Supplied data
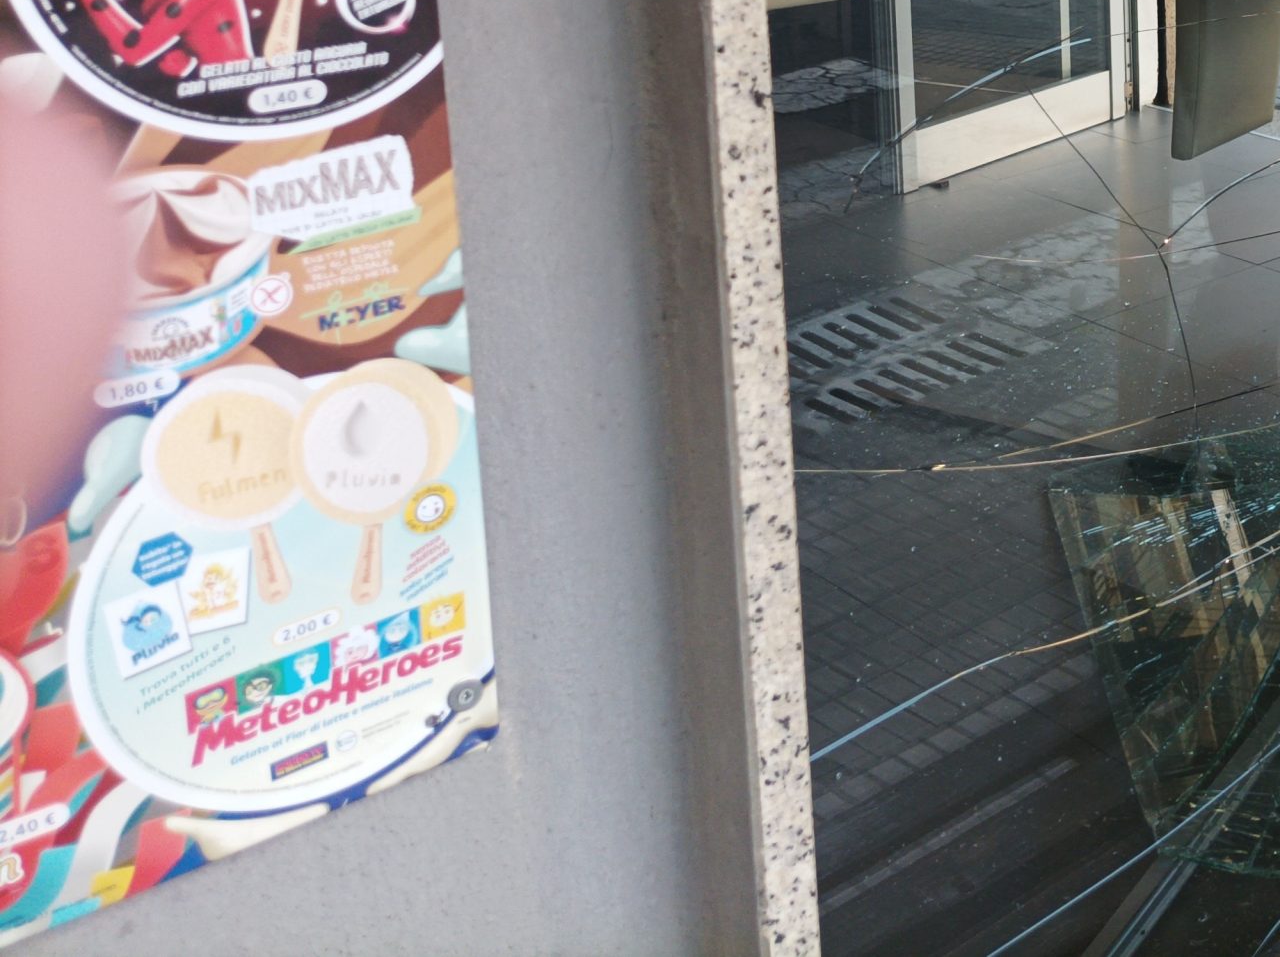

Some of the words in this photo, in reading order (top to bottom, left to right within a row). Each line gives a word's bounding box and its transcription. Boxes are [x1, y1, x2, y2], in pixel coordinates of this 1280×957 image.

[263, 88, 298, 107] 1,40
[304, 86, 314, 100] €
[255, 148, 400, 216] MIXMAX
[110, 380, 148, 401] 1,80
[154, 376, 165, 390] €
[325, 468, 402, 489] Pluvia
[282, 619, 318, 641] 2,00
[322, 613, 334, 627] €
[131, 631, 179, 666] Pluvia
[191, 634, 464, 768] MeteoHeroes
[230, 744, 270, 765] Gelato
[271, 737, 283, 748] al
[0, 819, 39, 844] 2,40
[45, 811, 57, 826] €

About this exercise
Nothing but an exact copy of the data above, minus its pictures, should appear in the response.

Your response
Some of the words in this photo, in reading order (top to bottom, left to right within a row). Each line gives a word's bounding box and its transcription. Boxes are [x1, y1, x2, y2], in pixel coordinates of this 1280×957 image.

[263, 88, 298, 107] 1,40
[304, 86, 314, 100] €
[255, 148, 400, 216] MIXMAX
[110, 380, 148, 401] 1,80
[154, 376, 165, 390] €
[325, 468, 402, 489] Pluvia
[282, 619, 318, 641] 2,00
[322, 613, 334, 627] €
[131, 631, 179, 666] Pluvia
[191, 634, 464, 768] MeteoHeroes
[230, 744, 270, 765] Gelato
[271, 737, 283, 748] al
[0, 819, 39, 844] 2,40
[45, 811, 57, 826] €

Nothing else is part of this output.